For some time, a navigational beacon was located at Kimball Island; it was discontinued in 1922, after having been reported missing. A cruiser had run aground on the island in 1935, stranding eight people aboard for the night. In 1935, Kimball Island was one of several locations along the San Joaquin River included in the Oakland Tribune Bass Derby, in which fishermen competed to catch the largest bass. By the late 1940s, Kimball Island had become a location for duck hunting. In 1961, the Napa Valley Register said that stripers could be caught at Kimball Island. In 1964, the Oakland Tribune reported on muskrat and beaver burrows threatening the stability of levees in the Delta, including on Kimball Island.

A number of people have lived on Kimball Island. In 1890, a Captain Mitchell had "established himself" on Kimball Island. In 1893, a man named Ah Sing (who had lived there for some time) was found dead; while murder was suspected by his friends, it was eventually found that he had died of consumption. In 1930, Kimball Island was home to Captain Henry Mason. In 1941, two men were arrested in the act of stealing an electric motor, a tractor, a gasoline engine and two lawnmowers from Kimball Island.

In 1967, a real estate development company from San Francisco made a request to Sacramento County supervisors that Kimball Island be "detached from Sacramento County and attached to Contra Costa" to develop it into a "marina-oriented subdivision". This project was never undertaken: Assistant County Counsel Fred Williams would later say that "when the developer found out what a long and complicated procedure would be involved, he gave up the idea". The next year, a different developer planned to "construct a 3,500-foot blacktop airplane landing strip", a public recreational area, and a pleasure craft marina on the island, which they would then call "Sky Island". The rezoning, transferring the land from the recreation-flood zone to the commercial zone, was approved on the condition that "provisions for water supply, sewage disposal, fire and police protection be approved by various county departments concerned and that the proposal be approved by the Federal Aviation Administration, the State Aeronautics Board and the County Board of Supervisors". It was also conditional on development being started within one year of the approval; however, these plans never materialized.

In 1983, a cannabis "plantation" was discovered on Kimball Island, with over 300 marijuana plants.

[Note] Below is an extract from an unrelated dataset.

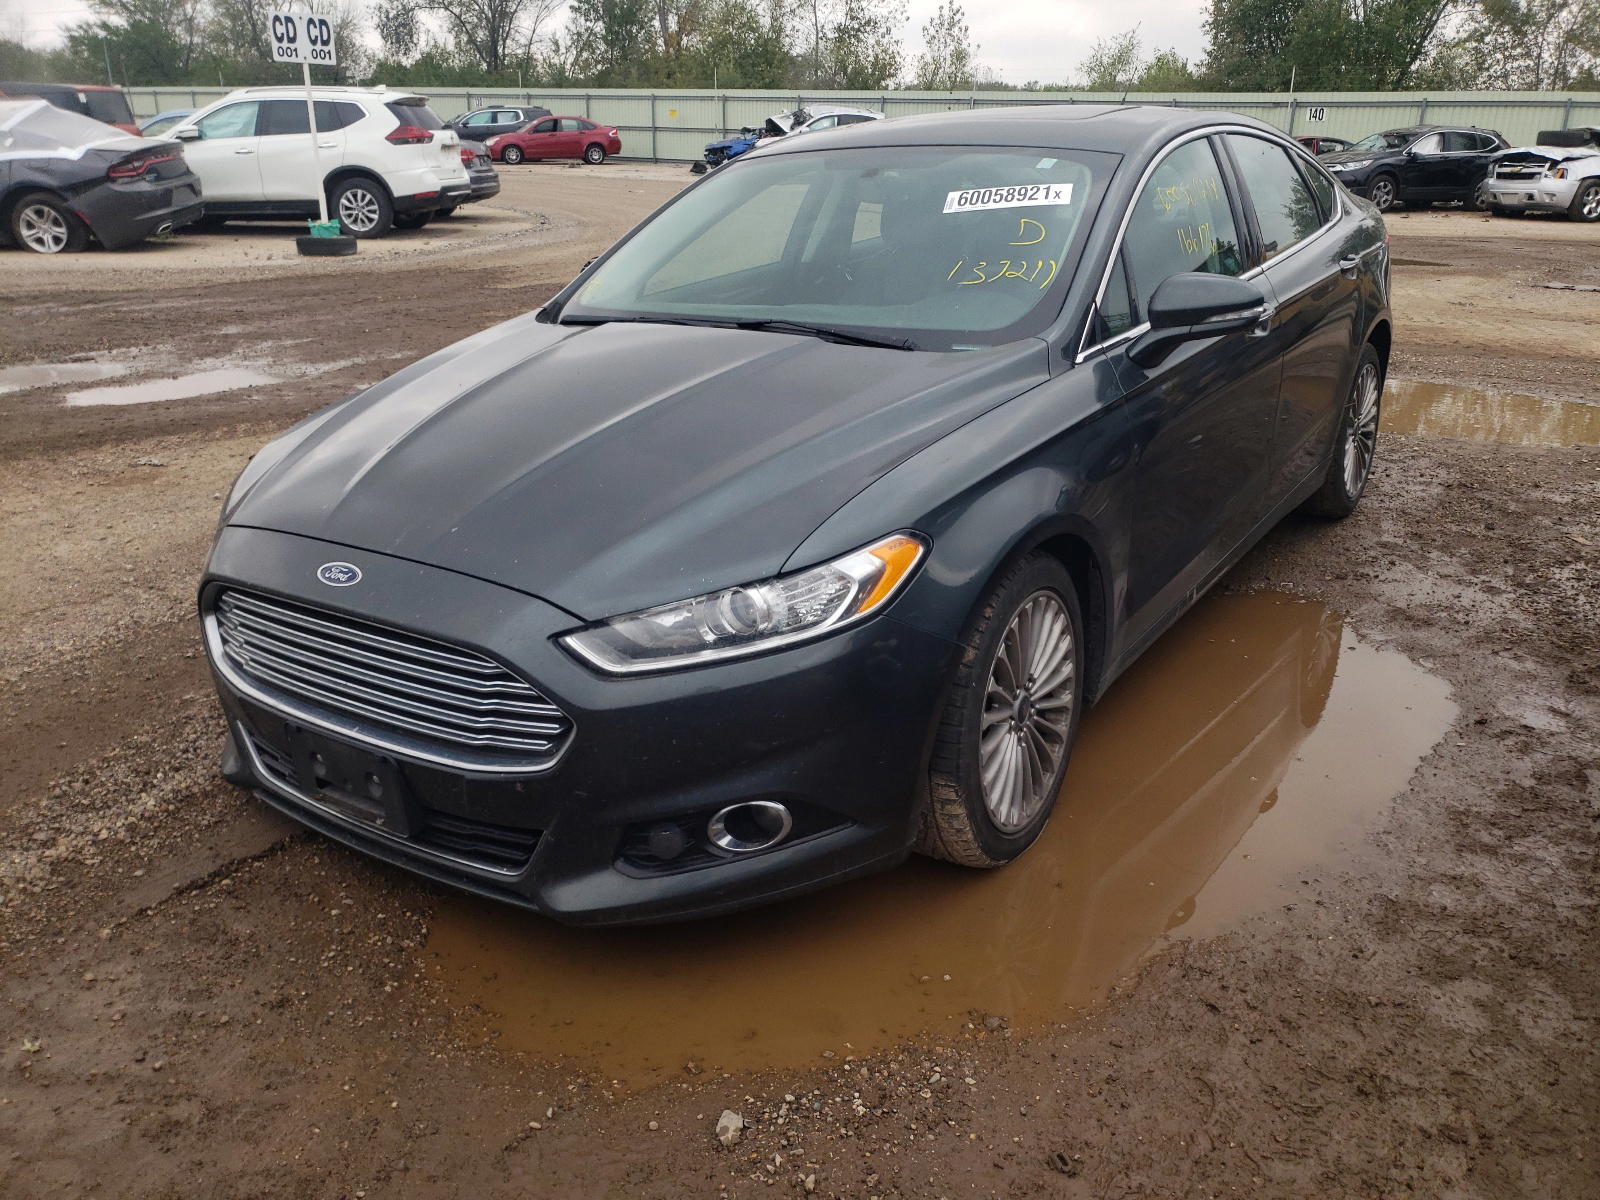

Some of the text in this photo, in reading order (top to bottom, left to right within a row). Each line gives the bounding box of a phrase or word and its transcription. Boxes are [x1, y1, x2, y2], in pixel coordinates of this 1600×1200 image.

As this occurred during the period when possessing or smoking cannabis was illegal in California, police responded by taking possession of the cannabis and setting it on fire.

In 2000, the Sacramento County Policy Planning Commission voted to rezone Kimball Island from "commercial recreation and flood" to "permanent agriculture and flood", in a move that was described by the Sacramento Bee as making sure it would "forever be a wetland habitat". By September, 104 acres of Kimball Island was owned by Steve Morgan, the founder of Wildlands Incorporated, who used the property as a mitigation bank. In 2014, three houses on the island were damaged by a wildfire.